The streaming music service is rolling out a new version of its free, mobile app, which gives users more access to songs. The idea: If people get more stuff without paying, they are more likely to end up paying in the long run.

The new mobile app gives free users the ability to play more songs on demand, from 15 pre-populated playlists — some of which are personalized for individual users, like its popular “Discover Weekly” feature. (Hat tip to Bloomberg’s Lucas Shaw, who sussed this out earlier this month).

Spotify has always let users listen to on-demand music for free via an ad-supported option — it’s the main thing that set the company apart from other streaming services in the past.

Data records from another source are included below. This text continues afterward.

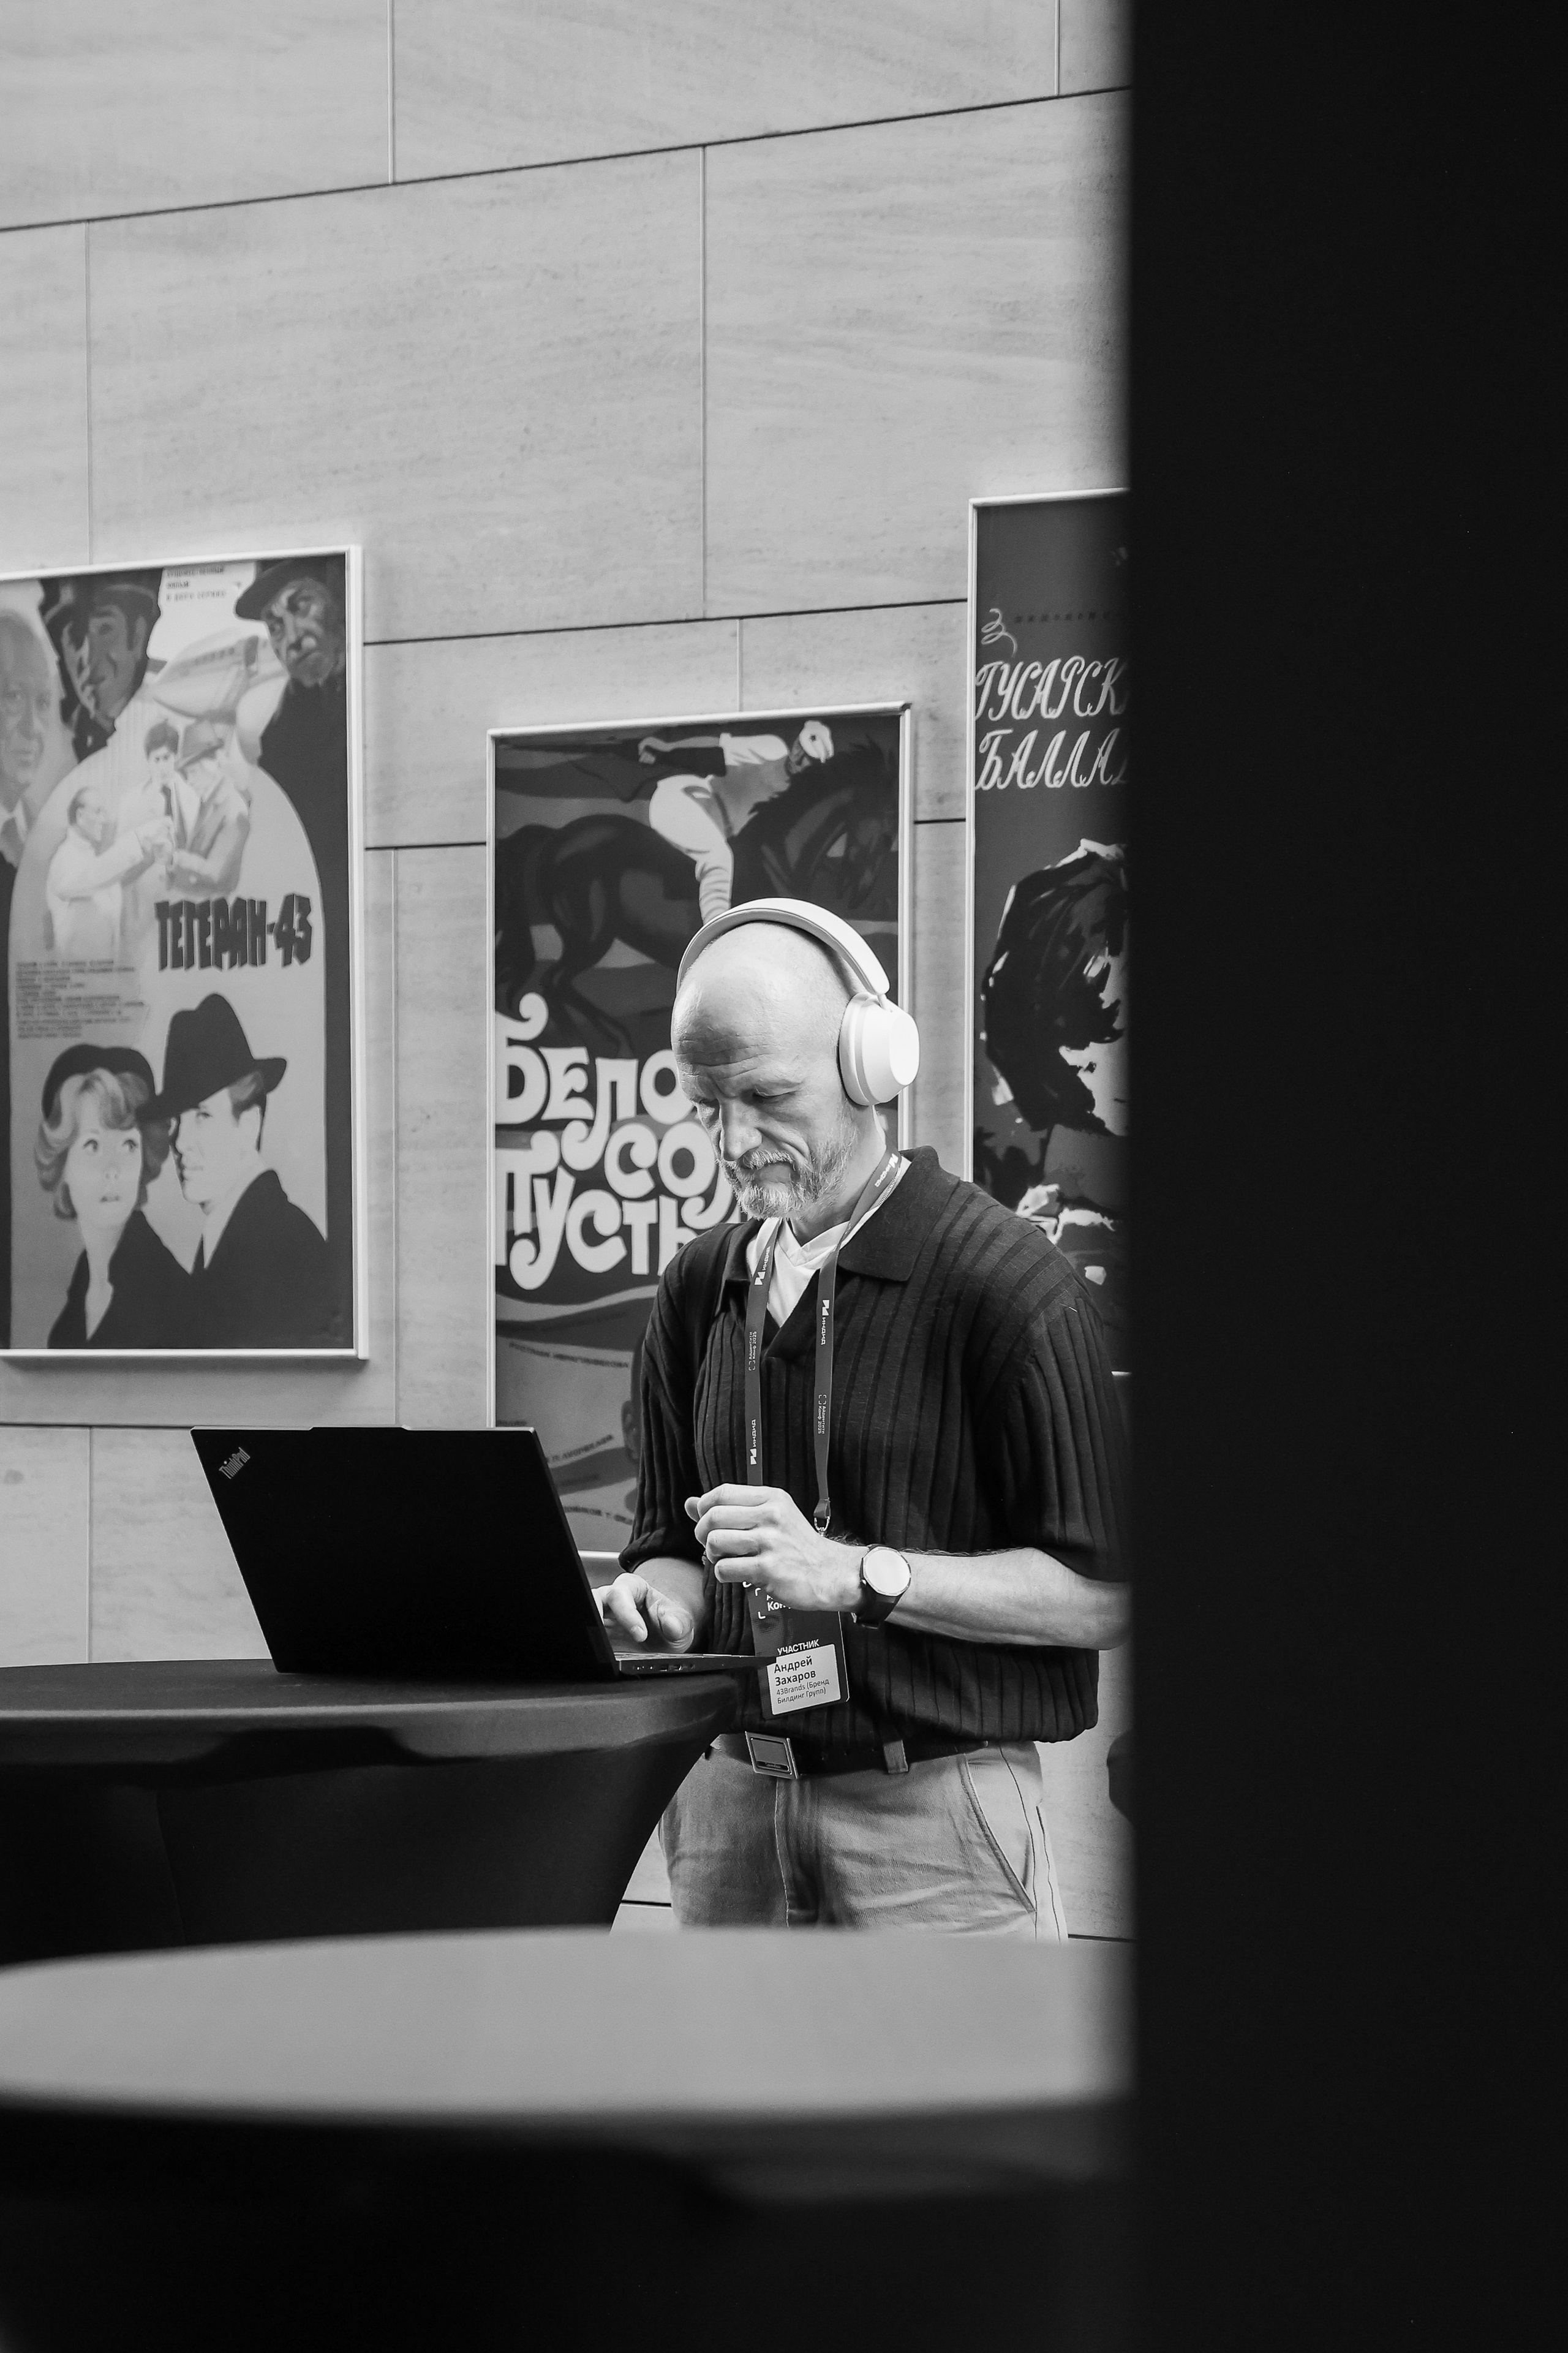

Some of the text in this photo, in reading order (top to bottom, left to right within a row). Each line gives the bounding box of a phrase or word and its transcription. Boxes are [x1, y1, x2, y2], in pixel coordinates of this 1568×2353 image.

[974, 728, 1127, 790] БАЛЛА
[154, 893, 312, 972] ТЕГЕРАН-43
[219, 1447, 251, 1479] ThinkPad
[777, 1639, 820, 1655] УЧАСТНИК
[774, 1655, 812, 1674] Андрей
[775, 1671, 816, 1686] Захаров
[776, 1679, 830, 1696] 43Brands (Бренд
[777, 1686, 826, 1704] Билдинг Групп)
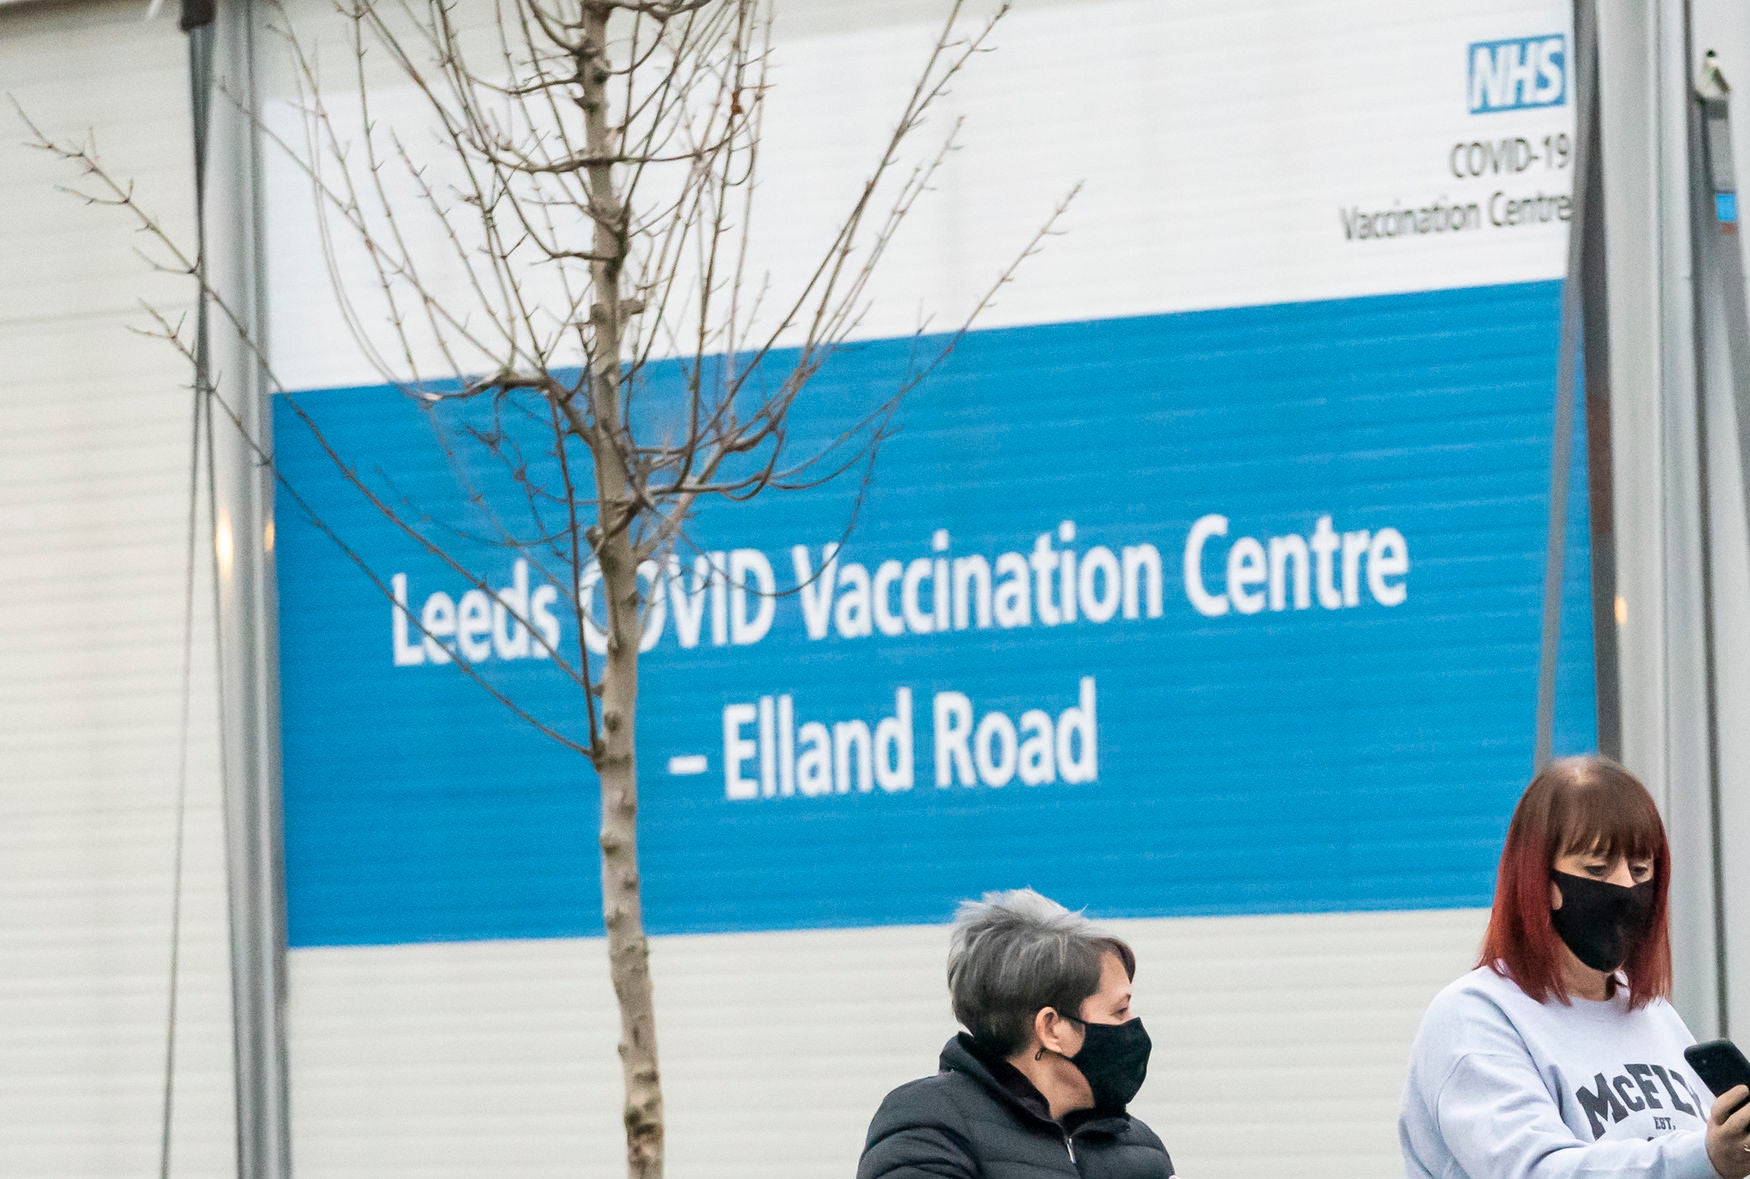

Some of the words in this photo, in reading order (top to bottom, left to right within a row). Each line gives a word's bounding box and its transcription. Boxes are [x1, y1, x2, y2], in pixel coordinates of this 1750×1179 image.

[1470, 36, 1565, 112] NHS
[1450, 133, 1571, 179] COVID-19
[1339, 197, 1481, 241] Vaccination
[1488, 189, 1571, 229] Centre
[391, 557, 560, 667] Leeds
[792, 519, 1163, 641] Vaccination
[1184, 514, 1409, 617] Centre
[723, 687, 915, 801] Elland
[933, 676, 1098, 789] Road
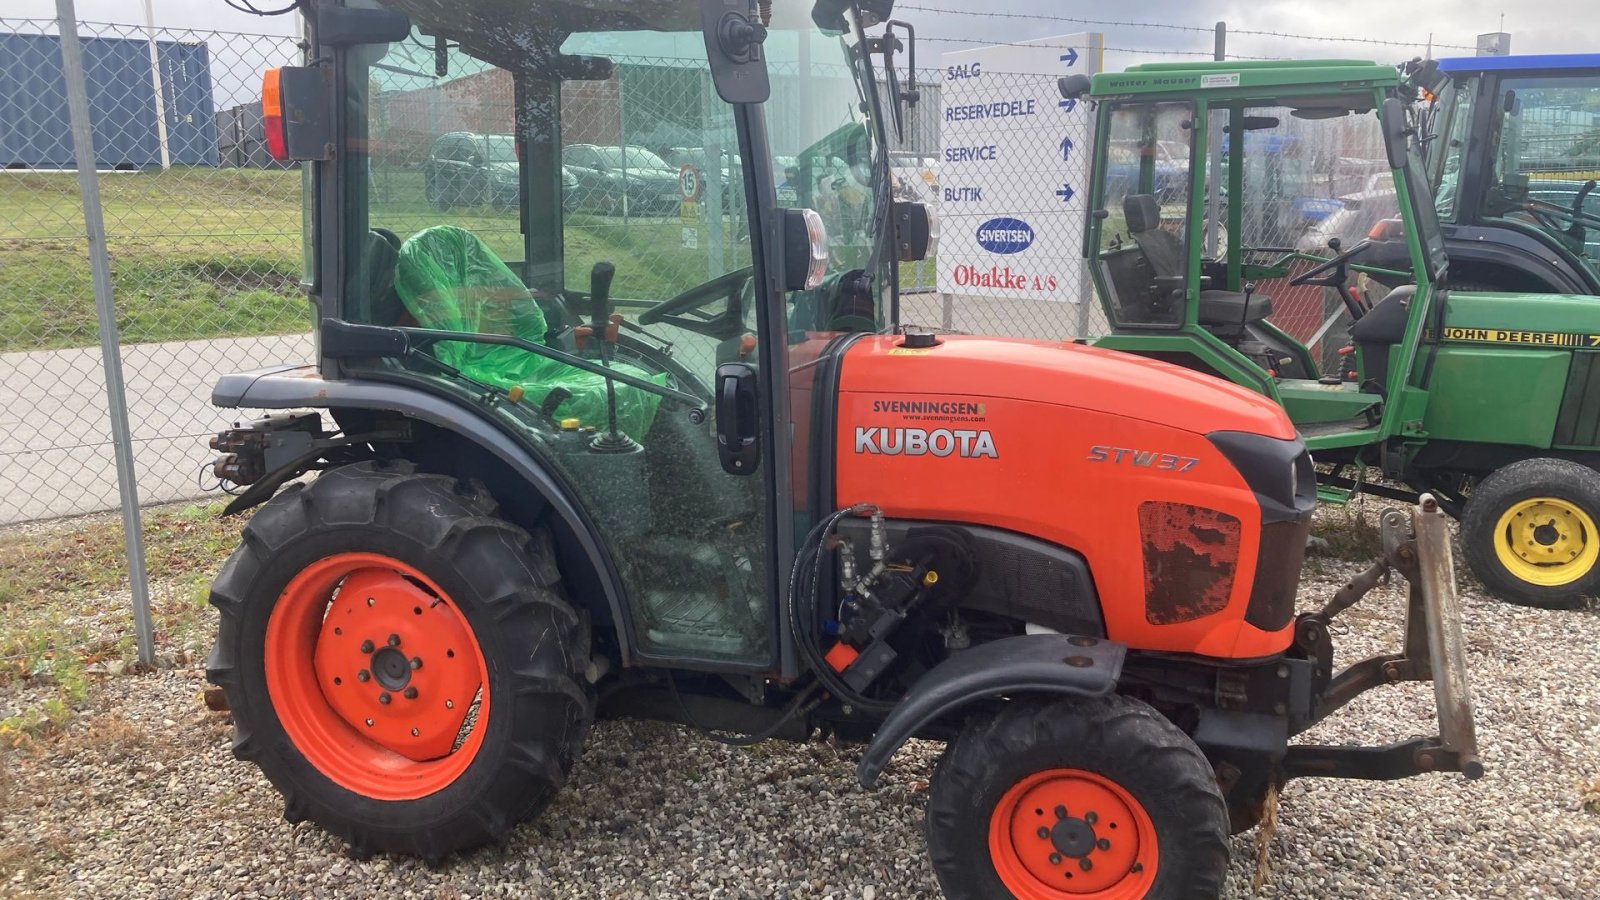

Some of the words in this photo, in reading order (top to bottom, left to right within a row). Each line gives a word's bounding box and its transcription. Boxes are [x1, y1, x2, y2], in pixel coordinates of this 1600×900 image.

[947, 62, 981, 81] SALG
[1153, 77, 1197, 86] Mauser
[945, 99, 1036, 122] RESERVEDELE
[945, 145, 997, 162] SERVICE
[683, 172, 695, 193] 15
[944, 187, 982, 202] BUTIK
[979, 229, 1031, 243] SIVERTSEN
[1031, 275, 1057, 292] A/S
[1444, 328, 1488, 340] JOHN
[1496, 331, 1555, 344] DEERE
[902, 413, 986, 423] www.svenningsens.com
[855, 426, 999, 459] KUBOTA
[1087, 445, 1200, 474] STW37

But it has limited full, free access to its library of songs to desktop users, and limited what free users could get to on its mobile app. Today’s move doesn’t remove those limits entirely, but gives users more opportunity to sample. Paid users get full access to Spotify’s entire catalog, on-demand, without ads.

The context: Spotify is now a public company and needs to hit growth numbers it has supplied to investors. It has told them to expect as many as 96 million paid subscribers by the end of the year, up from 71 million today. Its partners — and potential competitors — at the big music labels want more paying subscribers, too.

Spotify’s first-ever earnings report is scheduled for Wednesday, May 2. Expect to get a new set of user numbers then.